‘Sustainability is not a cost item it’s a money generator’

Koppert: interview Flavio Alzueta GlobalGAP

Sustainable development takes into account the needs of the present generationithout compromising the ability of future generations to meet their own needs. However, a great deal of effort is required to achieve this, and the biggest barrier is the lack of leadership in sustainability.

So says Flavio Alzueta, Vice President of GLOBALG.A.P., the organization that promotes sustainability in numerous agricultural sectors worldwide. In February, he will speak at a Koppert meeting during the Fruit Logistica international trade fair in Berlin. His talk is sure to also discuss a number of obstacles on the road to a more sustainable world, such as the lack of adequate leadership.

Speaking on a personal note, Flavio Alzueta believes that sustainability is moving at several different speeds globally. He explains: ‘We know that the European Union has already reached a number of targets earlier than other regions of the world. However, the United States refuses to recognize the impact a changing climate is having on our world, which is regrettable. Political leaders must understand that sustainability strategies are far from cost items. They're quite the opposite: they save money.’


Incorporating objectives
Flavio Alzueta believes that the necessary impulses need to come from other sections of society. ‘Thankfully, we're seeing signs of that. Societies and their citizens are rapidly changing and demanding that politicians really get to grips with the enormous challenge of increasing sustainability.’
To achieve progress, however, it is crucial that all parties agree on the objective. According to Flavio Alzueta, the UN's Sustainable Development Goals (SDG) offer an excellent toolkit that helps all those who are committed to sustainability. ‘In addition to this, these objectives must form part of business and government strategies. And of course, individual citizens can also make changes to their everyday lives.’


Adding value to chains
GLOBALG.A.P. has an important role, given the myriad of areas in which it is active. The organization was founded in order to promote Good Agricultural Practices (GAPs) worldwide. ‘Members of both the public and private sector agree that our GAPs form the foundation on which to build sustainable agriculture, horticulture, aquaculture and livestock production. This is because these practices are so multifaceted, involving water usage, animal welfare, the sensible use of antibiotics, the use of only authorized plant
protection products, and so on.’

GLOBALG.A.P. was specially developed for small and mid-sized farms and horticultural companies, which are often family businesses. ‘If we can offer them a transparent system that guarantees traceability, we can foster Mutual trust in the global trade in agricultural products and work towards achieving several objectives at the same time. This is how GLOBALG.A.P. adds value to production and distribution chains in agriculture, and we will continue to build on this.’


The right context
An example of this sort of added value is a module for Dutch chrysanthemum growers that GLOBALG.A.P. and Koppert have been working on together. This is an add-on to the requirements GLOBALG.A.P. places on affiliated ornamental growers. The add-on means that chrysanthemum growers can clearly communicate to their German buyers that they have used no neonicotinoids or that they are cutting back on these insecticides as much as possible.
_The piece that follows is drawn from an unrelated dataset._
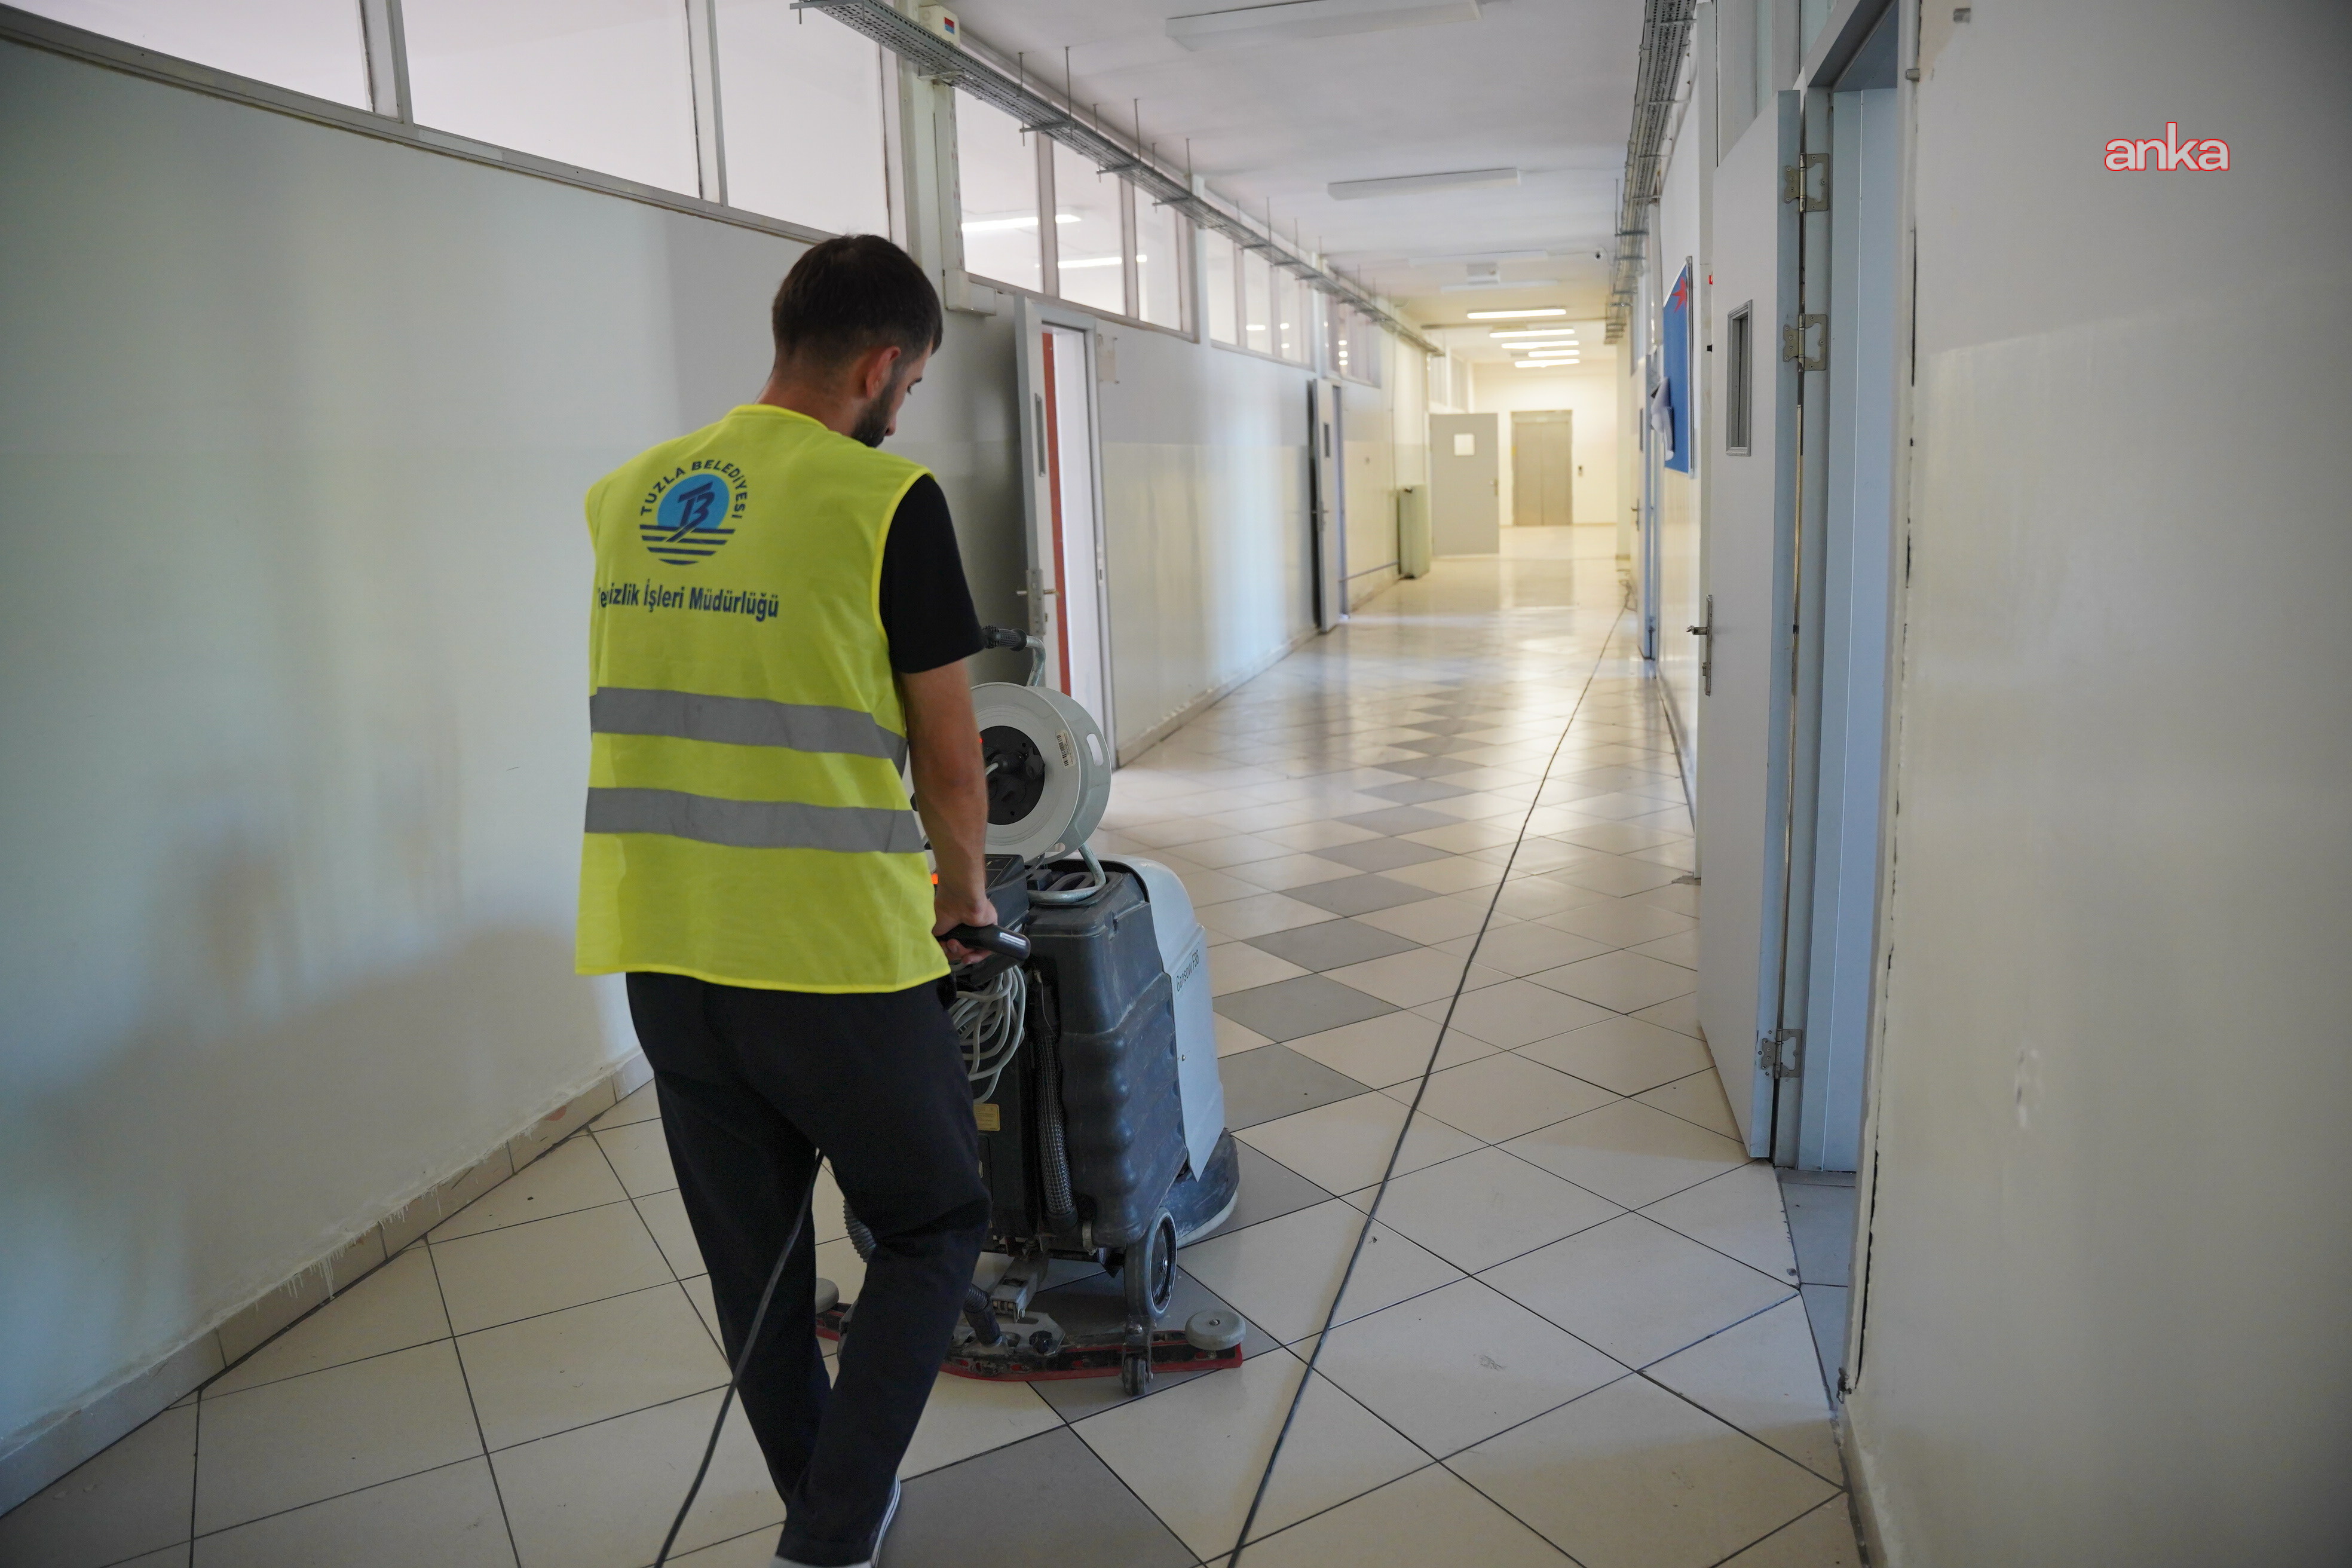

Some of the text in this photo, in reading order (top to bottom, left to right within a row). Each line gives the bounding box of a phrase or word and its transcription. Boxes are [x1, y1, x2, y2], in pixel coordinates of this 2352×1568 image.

‘There may be more of these add-ons in the future. Using add-ons on top of the GLOBALG.A.P. standards is the most cost-efficient solution to respond to new challenges and solving problems meanwhile the costs
for producers suffer a small increase. This is the line of thinking behind our work with Koppert, a company that has assumed leadership and is acting to resolve a problem, in this case in the ornamentals sector. It demonstrates that Koppert has fully understood the context within which a company can play a huge role.’
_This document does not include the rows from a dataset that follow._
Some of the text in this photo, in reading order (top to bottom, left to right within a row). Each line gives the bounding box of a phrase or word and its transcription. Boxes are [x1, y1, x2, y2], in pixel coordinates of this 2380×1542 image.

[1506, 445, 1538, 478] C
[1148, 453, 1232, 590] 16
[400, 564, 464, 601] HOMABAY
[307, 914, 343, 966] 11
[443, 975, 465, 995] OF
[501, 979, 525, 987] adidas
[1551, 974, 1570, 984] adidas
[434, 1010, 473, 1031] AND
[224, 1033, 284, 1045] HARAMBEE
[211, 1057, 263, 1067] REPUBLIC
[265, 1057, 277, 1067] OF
Each company or organization must effectively contextualize sustainability, says Flavio Alzueta. ‘You need to ask yourself two questions. The first is how a company or organization stands in relation to the developments taking place around it. The second is how best to respond to these developments. Answering these questions will help you establish effective sustainability strategies.’

Creating shared value
Now we're onto the most crucial question: is there a way to reconcile sustainability with the need to grow an economy year-on-year? ‘Many companies, economists, and politicians think and believe that an economy needs to be constantly growing in order to sustain levels of prosperity. But we see that this is absolutely detrimental to our environment, the earth, which is why I'd like to refer to the theory of “creating shared value.”
Anyone looking to apply this theory in practice has to come up with a business case that removes environmentally and socially harmful problems and solves them. Companies that do so successfully notice that sustainability contributes to earnings performance – it's not a process that only drives up costs.’


Encouraging innovation
Flavio Alzueta comes back to the importance of leadership. ‘We need leaders who are able to encourage their organizations and people to become more innovative. Why? Because we know that the natural
resources we are using are finite. The global population is set to grow by 30% by 2030, which means a 50% rise in the demand for food and a 30% increase in the demand for energy and water. Although confronting, this is the context that we must recognize and accept. Everyone has the choice to assume a role in creating a more sustainable future.’